(Provided information)

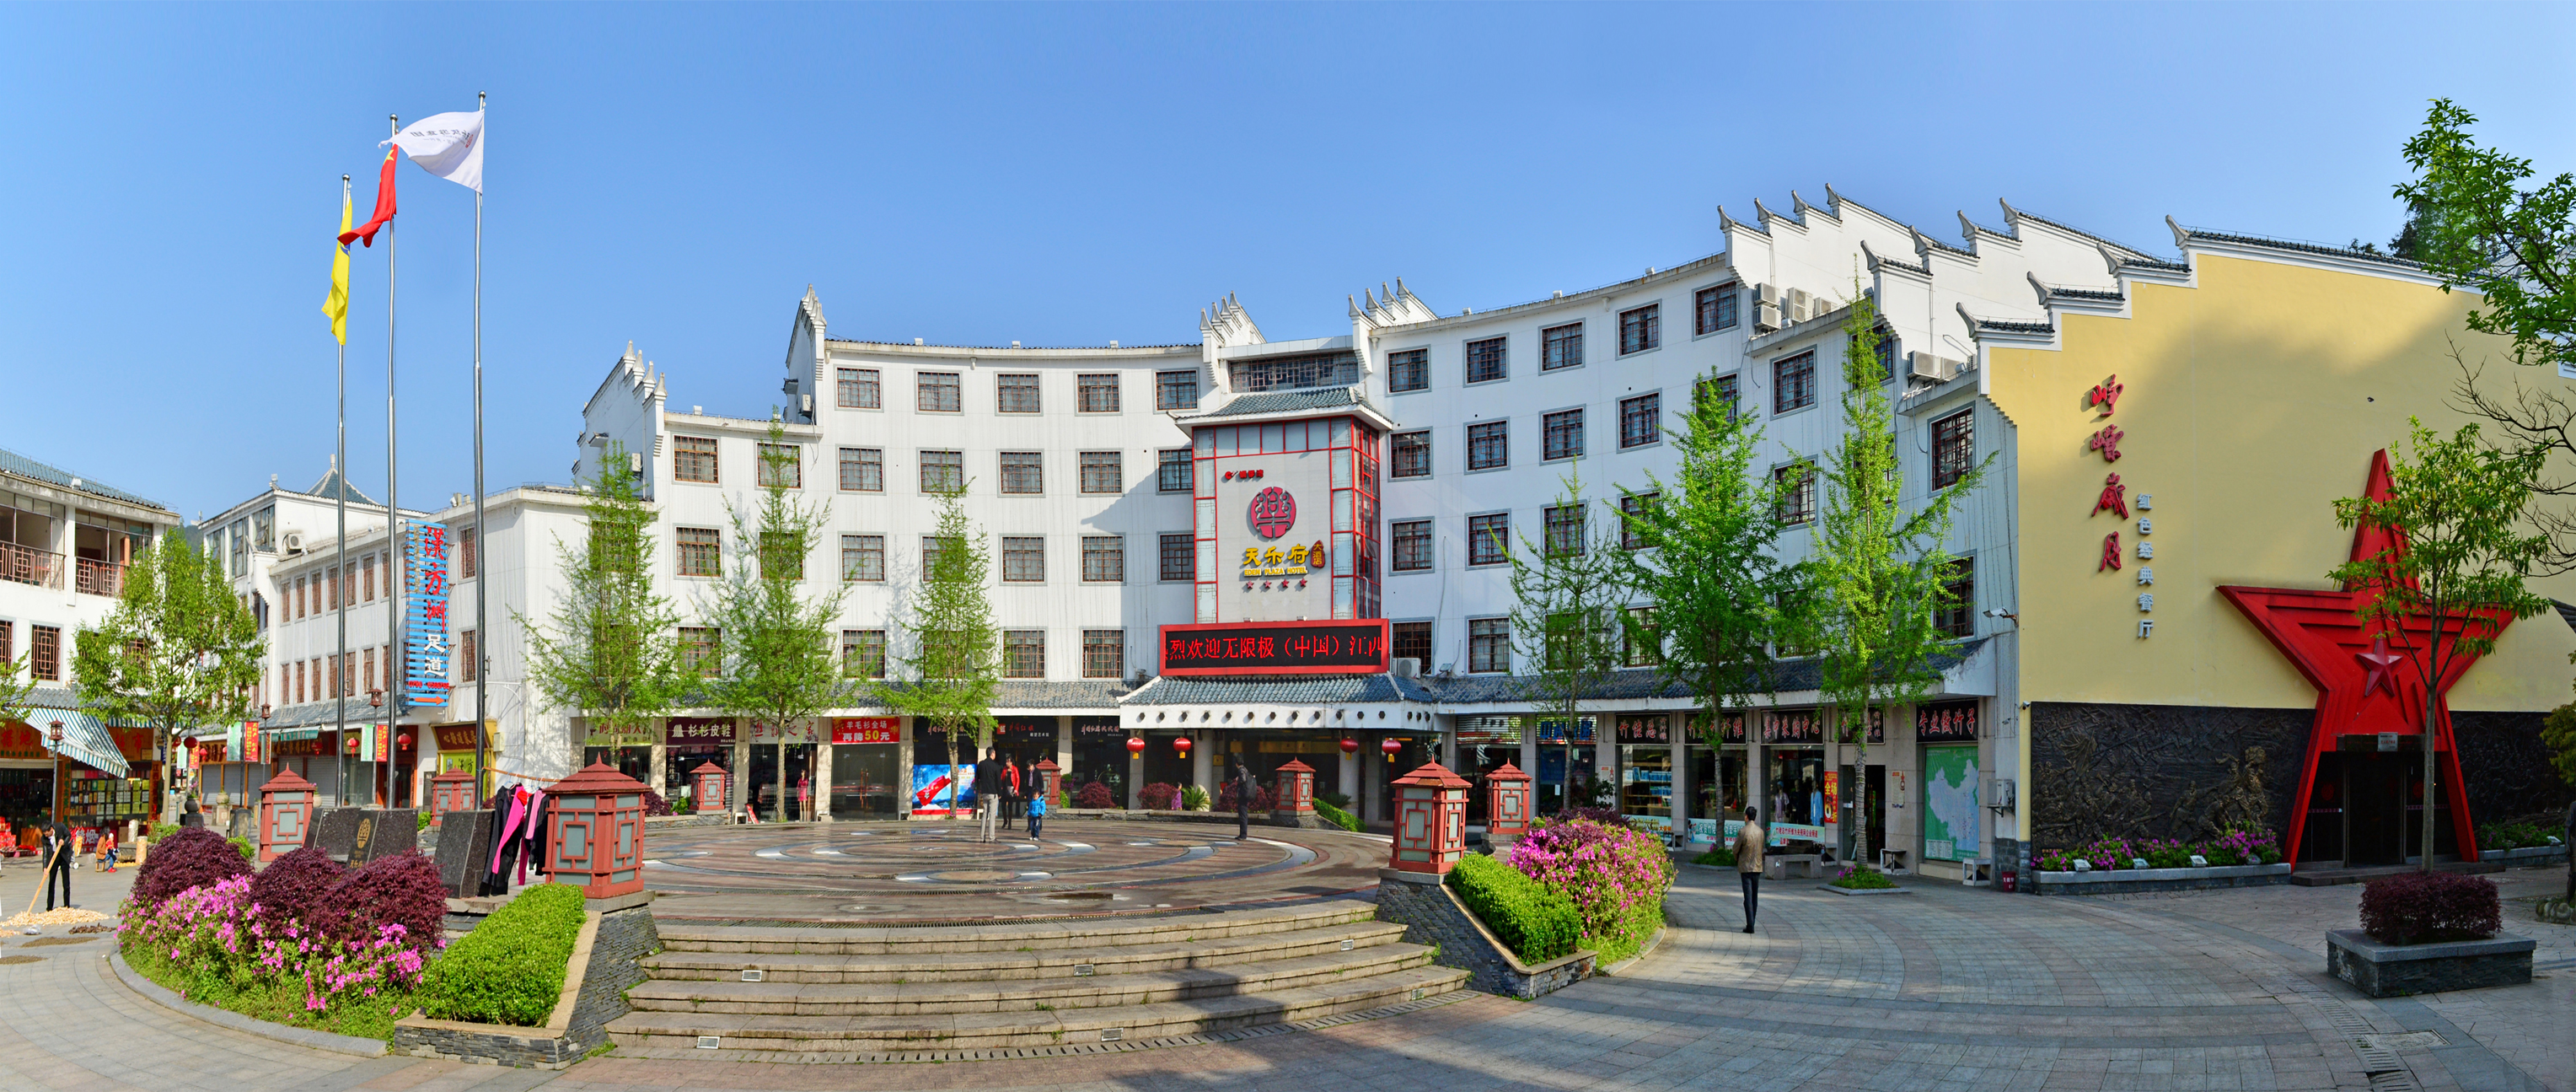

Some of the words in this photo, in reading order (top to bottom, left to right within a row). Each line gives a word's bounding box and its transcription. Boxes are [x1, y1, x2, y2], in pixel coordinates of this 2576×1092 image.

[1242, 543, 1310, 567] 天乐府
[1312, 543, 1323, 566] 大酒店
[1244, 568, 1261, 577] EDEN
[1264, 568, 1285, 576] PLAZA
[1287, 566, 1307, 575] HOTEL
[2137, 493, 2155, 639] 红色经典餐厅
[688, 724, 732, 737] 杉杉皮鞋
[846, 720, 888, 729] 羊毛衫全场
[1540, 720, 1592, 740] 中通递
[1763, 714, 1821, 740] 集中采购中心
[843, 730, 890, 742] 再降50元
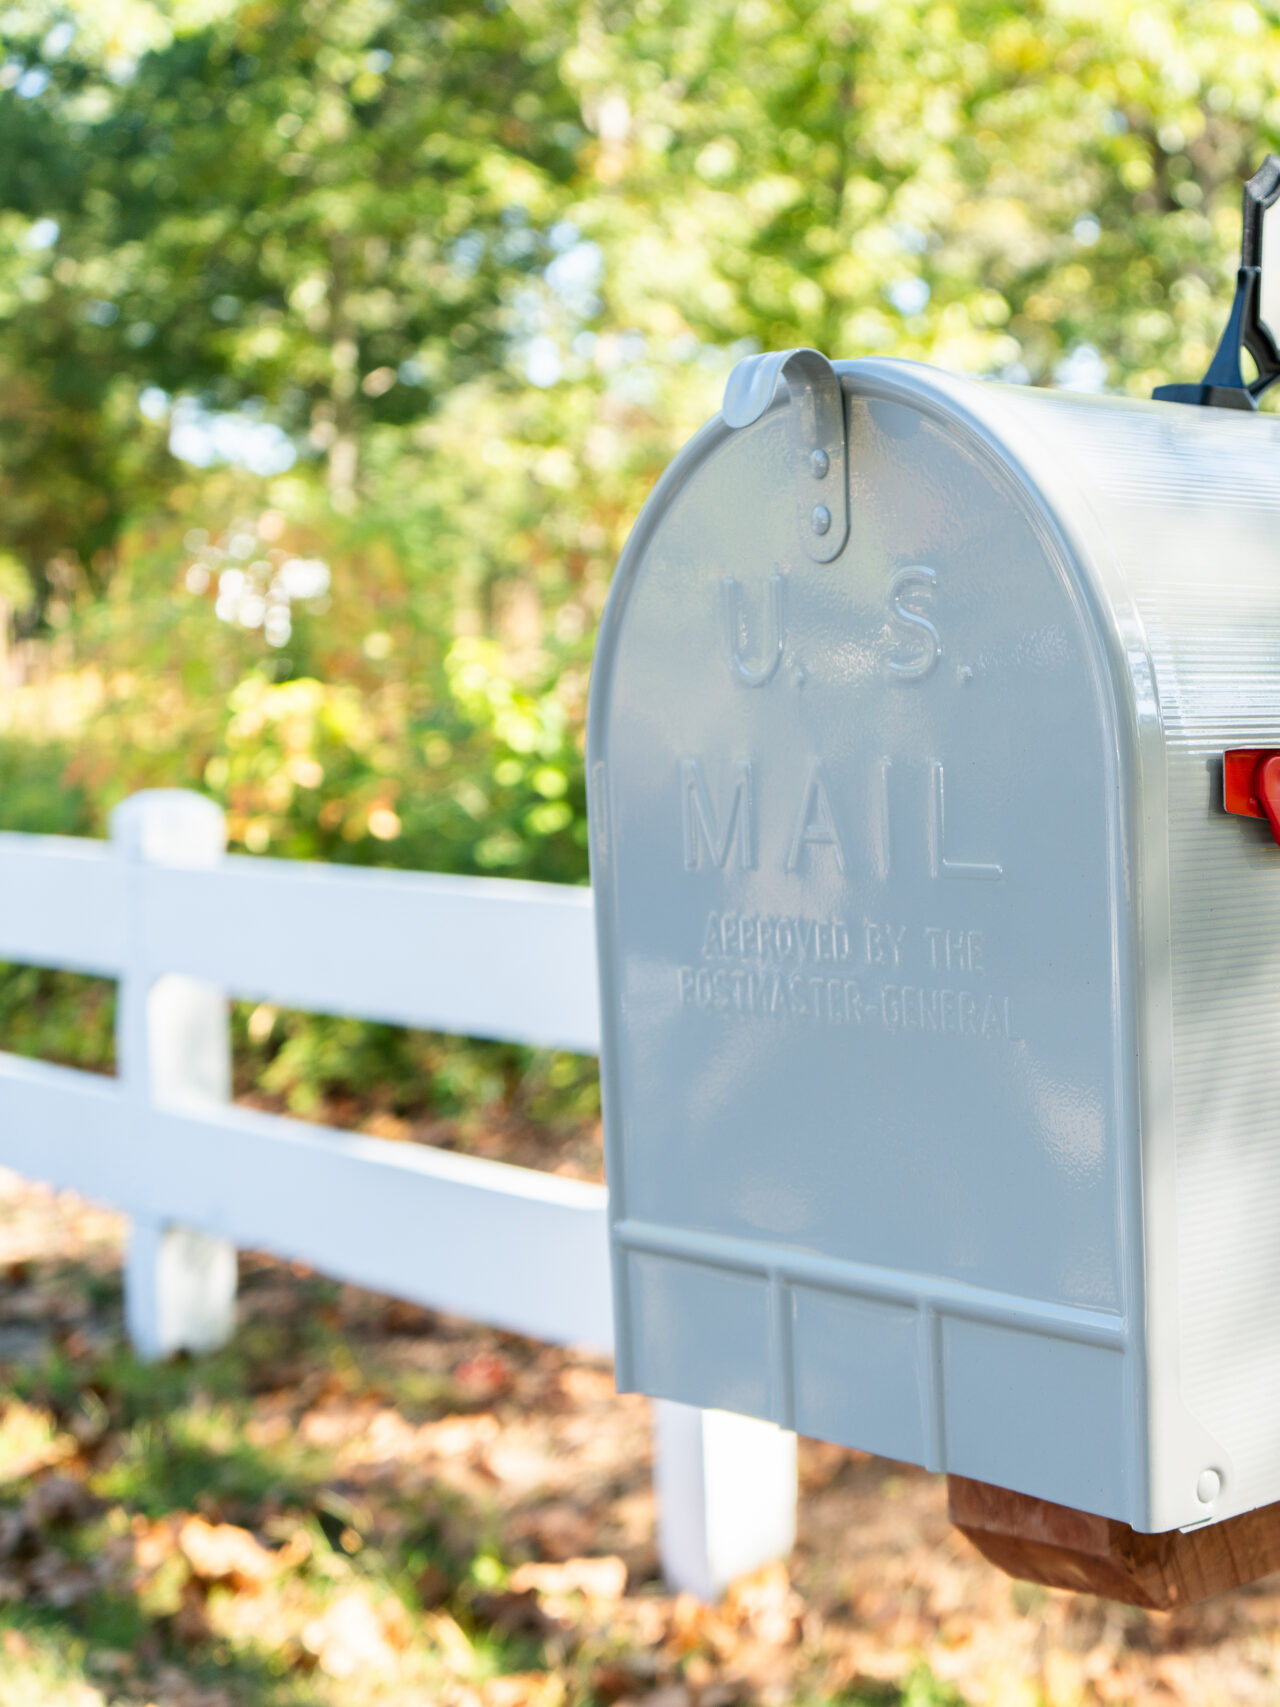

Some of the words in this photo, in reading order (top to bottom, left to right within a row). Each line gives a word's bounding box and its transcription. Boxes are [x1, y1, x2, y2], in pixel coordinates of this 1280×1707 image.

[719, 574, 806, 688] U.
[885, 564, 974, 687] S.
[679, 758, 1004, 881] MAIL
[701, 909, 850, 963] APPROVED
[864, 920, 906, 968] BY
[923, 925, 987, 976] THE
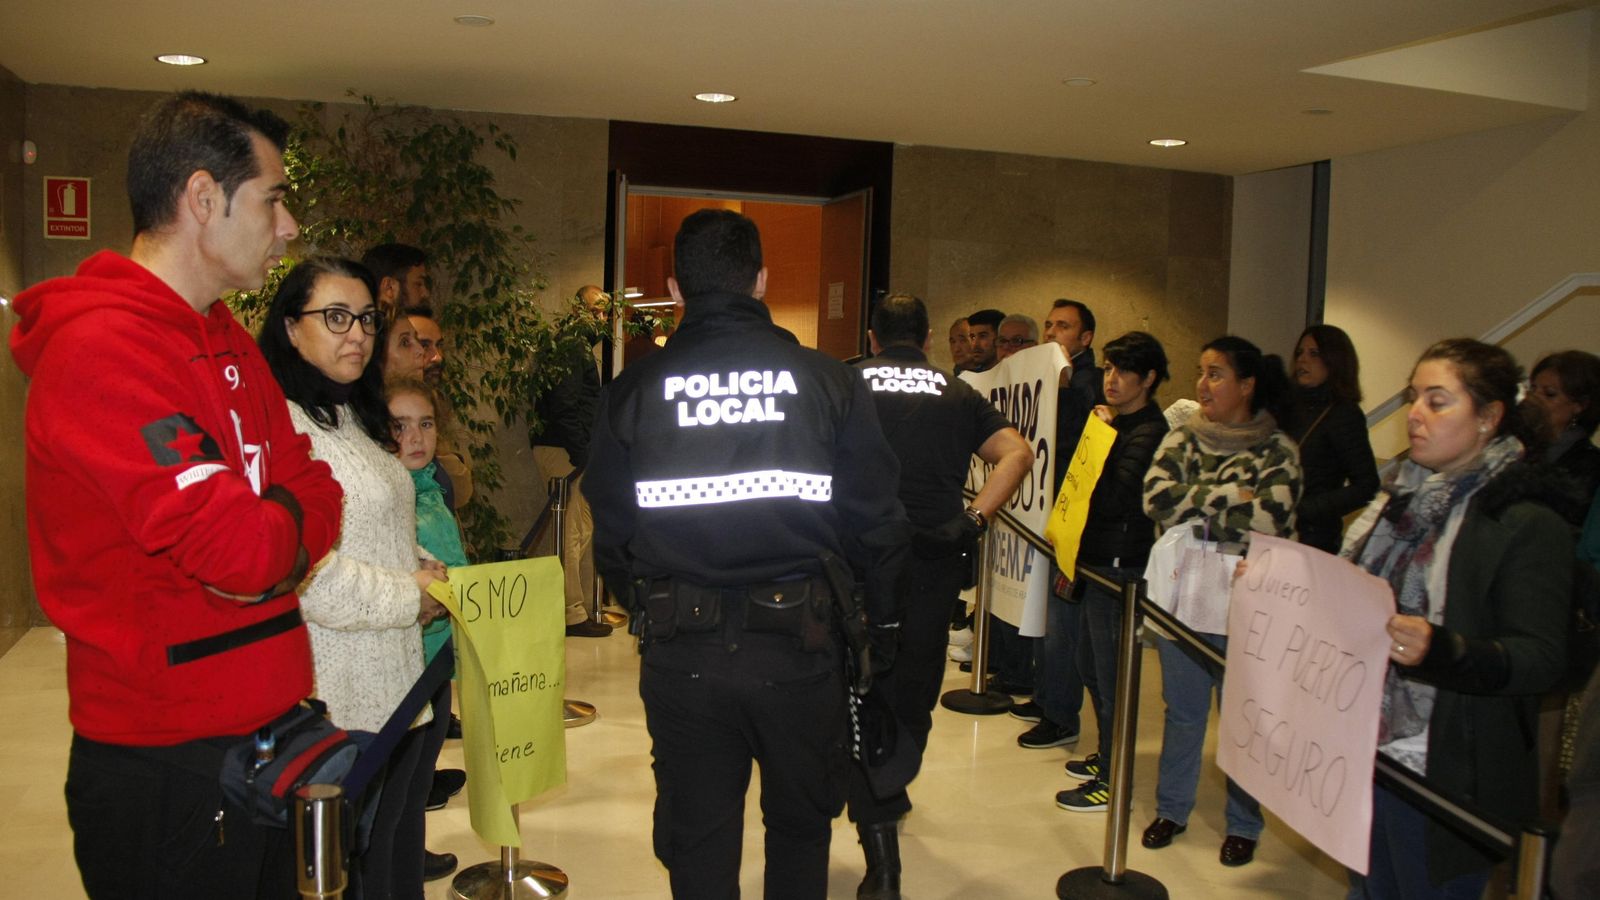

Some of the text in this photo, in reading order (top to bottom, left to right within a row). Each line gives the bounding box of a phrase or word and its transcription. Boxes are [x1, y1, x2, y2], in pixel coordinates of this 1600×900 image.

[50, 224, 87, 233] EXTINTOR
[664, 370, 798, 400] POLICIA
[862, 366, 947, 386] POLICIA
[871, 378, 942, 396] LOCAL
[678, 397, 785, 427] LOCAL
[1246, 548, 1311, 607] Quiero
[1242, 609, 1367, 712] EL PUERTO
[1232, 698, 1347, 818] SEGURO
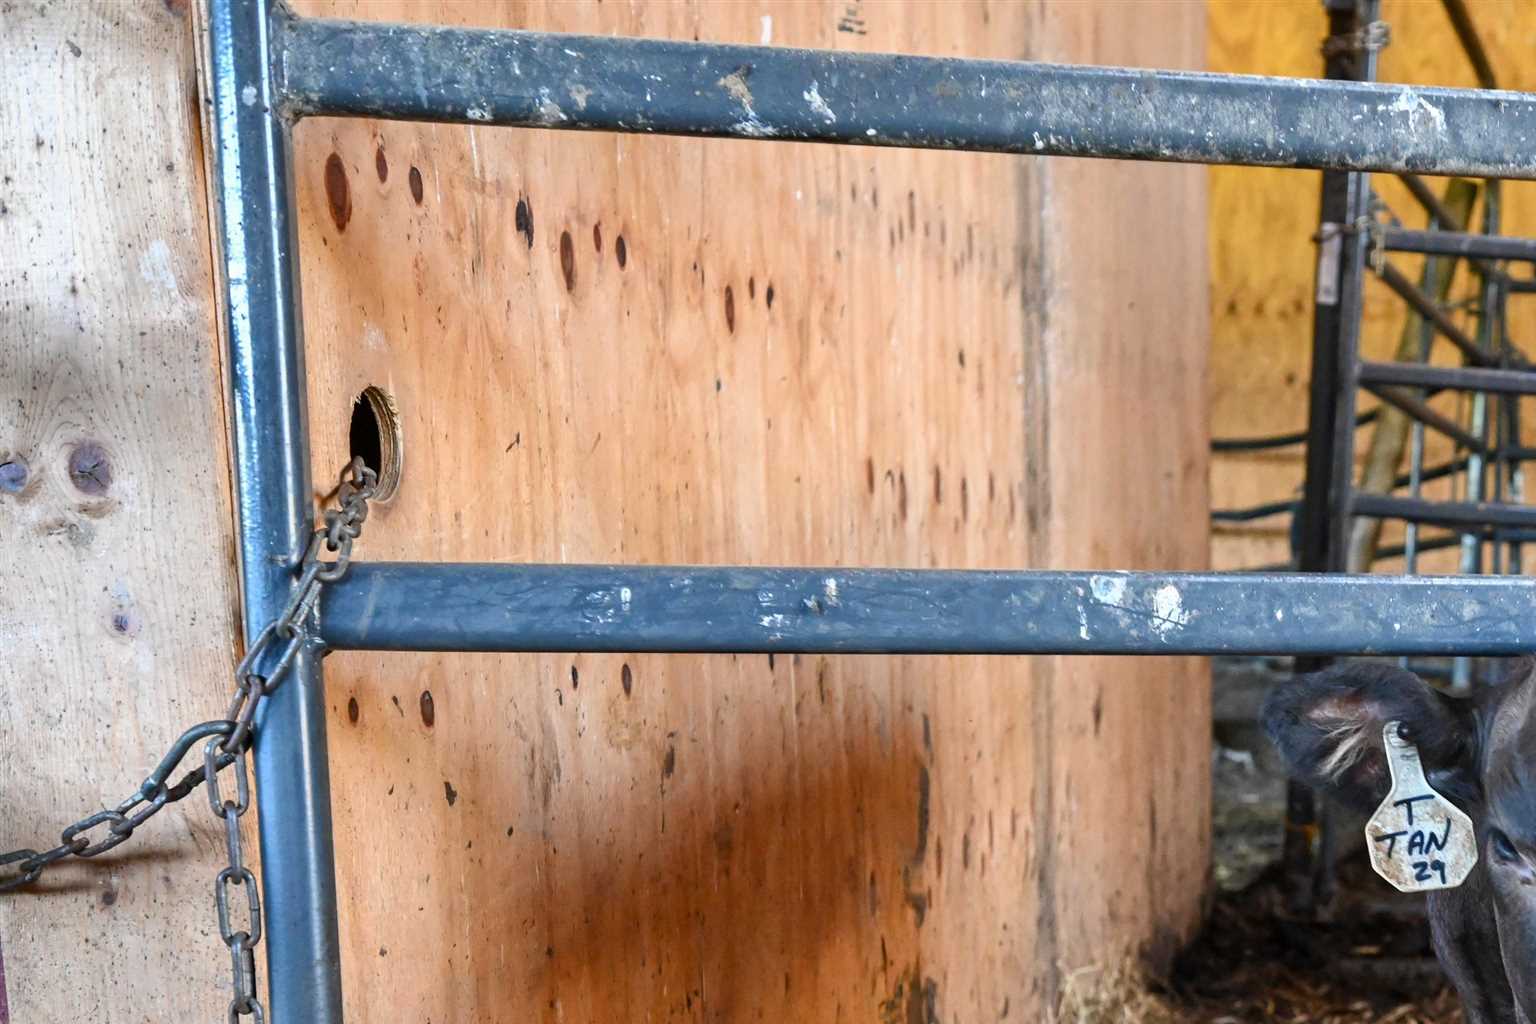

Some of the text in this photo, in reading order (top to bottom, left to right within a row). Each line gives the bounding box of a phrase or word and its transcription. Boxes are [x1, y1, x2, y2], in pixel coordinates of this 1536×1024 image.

(End Provided information)

Your task: Above are records to transcribe exactly; leave their pictures out.

Reply:
Some of the words in this photo, in reading order (top to bottom, left to right within a row). Each line gives a word's bounding box and its transcription. Boxes are [x1, y1, x2, y2], in pixel coordinates of this 2576×1092 image.

[1242, 543, 1310, 567] 天乐府
[1312, 543, 1323, 566] 大酒店
[1244, 568, 1261, 577] EDEN
[1264, 568, 1285, 576] PLAZA
[1287, 566, 1307, 575] HOTEL
[2137, 493, 2155, 639] 红色经典餐厅
[688, 724, 732, 737] 杉杉皮鞋
[846, 720, 888, 729] 羊毛衫全场
[1540, 720, 1592, 740] 中通递
[1763, 714, 1821, 740] 集中采购中心
[843, 730, 890, 742] 再降50元

Some of the words in this photo, in reading order (top to bottom, left to right within a row). Each line gives a word's bounding box and its transcription. Boxes are [x1, y1, x2, y2], in pixel coordinates of this 1280×1707 image.

[719, 574, 806, 688] U.
[885, 564, 974, 687] S.
[679, 758, 1004, 881] MAIL
[701, 909, 850, 963] APPROVED
[864, 920, 906, 968] BY
[923, 925, 987, 976] THE

Some of the text in this photo, in reading order (top to bottom, left to right within a row). Each line gives the bounding box of a phrase or word and its transcription. Boxes are [x1, y1, x2, y2], in pixel coordinates of this 1600×900 image.

[50, 224, 87, 233] EXTINTOR
[664, 370, 798, 400] POLICIA
[862, 366, 947, 386] POLICIA
[871, 378, 942, 396] LOCAL
[678, 397, 785, 427] LOCAL
[1246, 548, 1311, 607] Quiero
[1242, 609, 1367, 712] EL PUERTO
[1232, 698, 1347, 818] SEGURO

Some of the text in this photo, in reading order (top to bottom, left to right within a row). Each line gives the bounding box of a phrase or word and its transcription. Boxes are [x1, y1, x2, y2], in pixel coordinates of this 1536×1024 image.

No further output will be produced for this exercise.